### Text-to-region grounding data
+ + + + +

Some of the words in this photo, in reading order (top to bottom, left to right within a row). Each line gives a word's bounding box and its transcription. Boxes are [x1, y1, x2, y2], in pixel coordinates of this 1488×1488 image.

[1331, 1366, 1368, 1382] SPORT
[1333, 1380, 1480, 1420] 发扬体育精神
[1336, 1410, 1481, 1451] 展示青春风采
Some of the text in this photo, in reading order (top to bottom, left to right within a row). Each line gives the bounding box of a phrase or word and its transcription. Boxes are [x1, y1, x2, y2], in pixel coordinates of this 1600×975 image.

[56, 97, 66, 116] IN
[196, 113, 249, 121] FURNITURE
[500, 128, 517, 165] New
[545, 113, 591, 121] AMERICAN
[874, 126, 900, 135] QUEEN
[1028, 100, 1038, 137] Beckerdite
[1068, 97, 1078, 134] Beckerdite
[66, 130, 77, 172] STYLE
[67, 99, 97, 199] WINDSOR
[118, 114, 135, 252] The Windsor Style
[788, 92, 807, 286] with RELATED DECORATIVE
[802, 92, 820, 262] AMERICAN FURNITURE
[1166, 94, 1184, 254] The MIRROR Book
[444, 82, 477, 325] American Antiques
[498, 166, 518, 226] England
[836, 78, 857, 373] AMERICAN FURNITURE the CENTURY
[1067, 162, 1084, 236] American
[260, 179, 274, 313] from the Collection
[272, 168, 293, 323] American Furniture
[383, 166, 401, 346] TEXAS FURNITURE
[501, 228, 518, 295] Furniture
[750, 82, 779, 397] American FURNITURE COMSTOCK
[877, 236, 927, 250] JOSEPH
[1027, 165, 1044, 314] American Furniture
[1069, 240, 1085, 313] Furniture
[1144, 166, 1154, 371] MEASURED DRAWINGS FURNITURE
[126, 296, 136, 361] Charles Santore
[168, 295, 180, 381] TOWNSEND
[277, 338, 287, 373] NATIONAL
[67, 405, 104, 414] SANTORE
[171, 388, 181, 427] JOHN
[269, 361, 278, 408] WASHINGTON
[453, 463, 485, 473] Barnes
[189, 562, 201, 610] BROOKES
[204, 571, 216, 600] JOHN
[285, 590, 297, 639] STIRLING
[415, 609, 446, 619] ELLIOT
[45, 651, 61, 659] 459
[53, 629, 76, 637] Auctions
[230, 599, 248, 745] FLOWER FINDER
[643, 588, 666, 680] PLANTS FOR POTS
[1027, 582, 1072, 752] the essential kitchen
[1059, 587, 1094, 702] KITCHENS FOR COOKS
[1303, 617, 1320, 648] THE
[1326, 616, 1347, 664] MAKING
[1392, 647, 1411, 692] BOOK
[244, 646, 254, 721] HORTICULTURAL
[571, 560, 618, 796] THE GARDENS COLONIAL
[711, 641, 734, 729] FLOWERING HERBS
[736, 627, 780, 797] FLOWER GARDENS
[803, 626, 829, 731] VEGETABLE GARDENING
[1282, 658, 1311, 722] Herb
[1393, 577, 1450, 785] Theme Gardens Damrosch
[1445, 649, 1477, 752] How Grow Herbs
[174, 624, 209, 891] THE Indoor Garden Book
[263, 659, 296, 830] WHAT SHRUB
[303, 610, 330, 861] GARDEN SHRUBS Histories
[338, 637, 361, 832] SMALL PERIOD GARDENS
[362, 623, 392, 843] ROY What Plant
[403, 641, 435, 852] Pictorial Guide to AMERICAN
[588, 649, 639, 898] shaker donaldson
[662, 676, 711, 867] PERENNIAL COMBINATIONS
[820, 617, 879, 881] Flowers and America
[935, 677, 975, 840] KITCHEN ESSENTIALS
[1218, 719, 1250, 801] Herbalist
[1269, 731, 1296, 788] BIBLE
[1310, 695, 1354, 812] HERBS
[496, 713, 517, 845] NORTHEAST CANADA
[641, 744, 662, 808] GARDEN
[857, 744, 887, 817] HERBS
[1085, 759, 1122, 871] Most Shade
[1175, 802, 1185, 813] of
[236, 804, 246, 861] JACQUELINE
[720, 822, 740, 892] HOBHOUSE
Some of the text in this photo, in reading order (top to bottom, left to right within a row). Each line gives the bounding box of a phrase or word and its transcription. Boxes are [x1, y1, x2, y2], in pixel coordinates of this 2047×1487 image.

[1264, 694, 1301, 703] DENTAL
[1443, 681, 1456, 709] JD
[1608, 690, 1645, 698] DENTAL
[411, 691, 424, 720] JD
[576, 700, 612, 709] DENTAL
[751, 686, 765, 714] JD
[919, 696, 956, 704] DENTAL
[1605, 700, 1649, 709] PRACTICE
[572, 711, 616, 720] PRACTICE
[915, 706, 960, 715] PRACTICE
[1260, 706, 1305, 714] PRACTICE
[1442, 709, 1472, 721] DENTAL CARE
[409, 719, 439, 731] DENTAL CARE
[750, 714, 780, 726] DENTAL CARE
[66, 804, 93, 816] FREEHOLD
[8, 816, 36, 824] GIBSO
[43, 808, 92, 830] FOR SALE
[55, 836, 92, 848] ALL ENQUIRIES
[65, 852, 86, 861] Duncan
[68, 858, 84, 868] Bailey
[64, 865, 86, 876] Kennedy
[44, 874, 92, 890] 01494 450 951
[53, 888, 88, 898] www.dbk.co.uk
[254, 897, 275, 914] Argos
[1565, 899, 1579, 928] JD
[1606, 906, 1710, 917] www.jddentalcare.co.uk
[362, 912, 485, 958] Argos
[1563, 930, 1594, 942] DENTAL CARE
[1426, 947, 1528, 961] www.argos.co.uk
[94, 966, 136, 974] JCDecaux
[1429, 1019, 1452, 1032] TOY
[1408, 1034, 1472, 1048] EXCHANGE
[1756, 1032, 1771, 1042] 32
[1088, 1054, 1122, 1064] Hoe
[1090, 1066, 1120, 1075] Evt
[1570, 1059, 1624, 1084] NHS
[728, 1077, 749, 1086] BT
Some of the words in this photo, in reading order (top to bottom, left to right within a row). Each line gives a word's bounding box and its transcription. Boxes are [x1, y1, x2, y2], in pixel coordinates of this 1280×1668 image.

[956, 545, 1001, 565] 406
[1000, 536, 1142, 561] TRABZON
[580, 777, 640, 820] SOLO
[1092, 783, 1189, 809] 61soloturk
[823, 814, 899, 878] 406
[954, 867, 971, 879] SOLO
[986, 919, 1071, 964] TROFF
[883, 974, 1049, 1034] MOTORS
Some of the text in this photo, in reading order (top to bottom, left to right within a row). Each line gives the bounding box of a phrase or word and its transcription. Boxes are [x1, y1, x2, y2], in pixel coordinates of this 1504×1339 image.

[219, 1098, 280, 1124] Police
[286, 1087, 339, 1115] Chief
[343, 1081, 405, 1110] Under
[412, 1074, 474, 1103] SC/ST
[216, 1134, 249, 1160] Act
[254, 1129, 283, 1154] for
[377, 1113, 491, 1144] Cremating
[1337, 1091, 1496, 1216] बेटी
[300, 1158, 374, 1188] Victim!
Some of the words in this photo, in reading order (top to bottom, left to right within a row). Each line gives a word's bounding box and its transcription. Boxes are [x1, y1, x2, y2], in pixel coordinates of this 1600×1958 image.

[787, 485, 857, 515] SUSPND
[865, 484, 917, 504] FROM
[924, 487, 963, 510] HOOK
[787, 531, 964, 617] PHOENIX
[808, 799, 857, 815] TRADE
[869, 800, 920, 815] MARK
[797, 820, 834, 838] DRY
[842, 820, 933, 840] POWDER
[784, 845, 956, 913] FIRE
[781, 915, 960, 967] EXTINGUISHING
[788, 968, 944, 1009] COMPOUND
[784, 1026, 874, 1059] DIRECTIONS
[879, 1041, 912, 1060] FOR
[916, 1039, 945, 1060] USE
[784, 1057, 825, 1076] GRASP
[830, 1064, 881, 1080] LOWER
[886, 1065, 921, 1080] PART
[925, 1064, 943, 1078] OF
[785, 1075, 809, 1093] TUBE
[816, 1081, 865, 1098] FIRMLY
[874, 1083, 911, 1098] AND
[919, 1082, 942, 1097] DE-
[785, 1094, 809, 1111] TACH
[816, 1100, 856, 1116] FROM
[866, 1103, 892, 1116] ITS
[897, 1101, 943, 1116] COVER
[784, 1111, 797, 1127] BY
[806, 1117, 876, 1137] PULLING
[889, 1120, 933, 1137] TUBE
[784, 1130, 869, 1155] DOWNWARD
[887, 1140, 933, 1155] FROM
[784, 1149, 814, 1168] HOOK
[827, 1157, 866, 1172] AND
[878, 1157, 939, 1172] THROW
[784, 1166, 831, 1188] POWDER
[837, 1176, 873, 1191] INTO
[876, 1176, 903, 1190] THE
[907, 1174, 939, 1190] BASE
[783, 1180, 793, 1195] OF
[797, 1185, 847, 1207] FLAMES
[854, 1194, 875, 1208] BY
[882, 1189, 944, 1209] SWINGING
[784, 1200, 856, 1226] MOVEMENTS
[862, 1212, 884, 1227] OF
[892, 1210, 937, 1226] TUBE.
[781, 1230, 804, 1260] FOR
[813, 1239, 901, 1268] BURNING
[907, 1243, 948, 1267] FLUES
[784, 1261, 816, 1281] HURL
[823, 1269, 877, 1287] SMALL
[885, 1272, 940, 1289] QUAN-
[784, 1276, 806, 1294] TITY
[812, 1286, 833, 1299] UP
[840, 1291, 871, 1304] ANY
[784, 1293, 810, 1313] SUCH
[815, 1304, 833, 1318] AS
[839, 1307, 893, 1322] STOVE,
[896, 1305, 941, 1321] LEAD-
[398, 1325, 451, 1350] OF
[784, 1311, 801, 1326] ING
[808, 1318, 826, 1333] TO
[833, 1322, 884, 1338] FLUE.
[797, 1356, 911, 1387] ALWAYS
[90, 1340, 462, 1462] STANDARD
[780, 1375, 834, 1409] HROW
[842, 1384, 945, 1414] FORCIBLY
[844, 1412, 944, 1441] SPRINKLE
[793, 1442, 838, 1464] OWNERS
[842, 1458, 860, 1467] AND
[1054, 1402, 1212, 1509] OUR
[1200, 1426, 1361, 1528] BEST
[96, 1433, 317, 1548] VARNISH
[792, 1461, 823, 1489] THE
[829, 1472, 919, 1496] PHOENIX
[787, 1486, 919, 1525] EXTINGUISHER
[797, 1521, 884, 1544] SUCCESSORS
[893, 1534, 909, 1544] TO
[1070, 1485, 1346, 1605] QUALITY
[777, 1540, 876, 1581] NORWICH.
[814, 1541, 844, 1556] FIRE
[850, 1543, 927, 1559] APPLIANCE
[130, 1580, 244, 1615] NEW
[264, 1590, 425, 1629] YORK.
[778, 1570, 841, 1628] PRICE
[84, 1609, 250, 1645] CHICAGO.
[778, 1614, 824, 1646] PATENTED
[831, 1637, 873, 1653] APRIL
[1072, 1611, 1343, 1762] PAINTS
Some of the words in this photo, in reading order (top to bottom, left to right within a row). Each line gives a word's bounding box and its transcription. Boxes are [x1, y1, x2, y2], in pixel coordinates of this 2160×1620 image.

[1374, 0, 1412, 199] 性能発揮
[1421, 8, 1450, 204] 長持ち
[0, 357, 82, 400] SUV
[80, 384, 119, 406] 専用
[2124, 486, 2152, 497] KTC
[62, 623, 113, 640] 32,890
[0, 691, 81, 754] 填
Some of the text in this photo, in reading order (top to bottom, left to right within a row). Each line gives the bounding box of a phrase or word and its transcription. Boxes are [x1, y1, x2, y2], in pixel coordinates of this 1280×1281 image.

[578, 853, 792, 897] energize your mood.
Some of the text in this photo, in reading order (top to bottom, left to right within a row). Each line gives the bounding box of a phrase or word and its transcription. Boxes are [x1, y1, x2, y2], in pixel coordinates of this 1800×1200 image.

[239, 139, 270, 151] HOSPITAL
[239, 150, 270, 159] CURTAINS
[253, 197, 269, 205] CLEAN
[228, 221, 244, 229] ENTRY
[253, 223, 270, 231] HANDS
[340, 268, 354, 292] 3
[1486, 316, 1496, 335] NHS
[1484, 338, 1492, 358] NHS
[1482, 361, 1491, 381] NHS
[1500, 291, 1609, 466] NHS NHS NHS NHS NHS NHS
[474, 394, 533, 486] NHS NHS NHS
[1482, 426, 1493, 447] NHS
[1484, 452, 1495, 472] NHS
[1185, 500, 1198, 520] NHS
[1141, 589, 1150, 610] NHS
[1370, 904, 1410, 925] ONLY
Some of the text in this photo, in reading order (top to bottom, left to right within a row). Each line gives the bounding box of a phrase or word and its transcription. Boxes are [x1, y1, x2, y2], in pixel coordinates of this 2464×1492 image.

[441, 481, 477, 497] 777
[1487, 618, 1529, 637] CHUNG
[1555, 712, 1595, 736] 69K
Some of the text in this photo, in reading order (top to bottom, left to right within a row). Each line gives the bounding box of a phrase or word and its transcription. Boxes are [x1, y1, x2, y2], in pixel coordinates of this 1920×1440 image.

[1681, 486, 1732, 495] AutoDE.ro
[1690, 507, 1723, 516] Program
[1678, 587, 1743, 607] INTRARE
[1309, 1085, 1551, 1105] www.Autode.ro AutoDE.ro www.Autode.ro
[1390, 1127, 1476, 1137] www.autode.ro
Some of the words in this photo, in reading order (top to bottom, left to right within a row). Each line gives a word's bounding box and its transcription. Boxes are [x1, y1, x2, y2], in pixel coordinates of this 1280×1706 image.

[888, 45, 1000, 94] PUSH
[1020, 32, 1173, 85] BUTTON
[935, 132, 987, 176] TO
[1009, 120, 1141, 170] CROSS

+ + + + +

### TASK TO COMPLETE
Write out exactly the lines of the entries above that run from the line containing "this 1920×1440 image." through the last line, including both.

### TASK SOLUTION
Some of the text in this photo, in reading order (top to bottom, left to right within a row). Each line gives the bounding box of a phrase or word and its transcription. Boxes are [x1, y1, x2, y2], in pixel coordinates of this 1920×1440 image.

[1681, 486, 1732, 495] AutoDE.ro
[1690, 507, 1723, 516] Program
[1678, 587, 1743, 607] INTRARE
[1309, 1085, 1551, 1105] www.Autode.ro AutoDE.ro www.Autode.ro
[1390, 1127, 1476, 1137] www.autode.ro
Some of the words in this photo, in reading order (top to bottom, left to right within a row). Each line gives a word's bounding box and its transcription. Boxes are [x1, y1, x2, y2], in pixel coordinates of this 1280×1706 image.

[888, 45, 1000, 94] PUSH
[1020, 32, 1173, 85] BUTTON
[935, 132, 987, 176] TO
[1009, 120, 1141, 170] CROSS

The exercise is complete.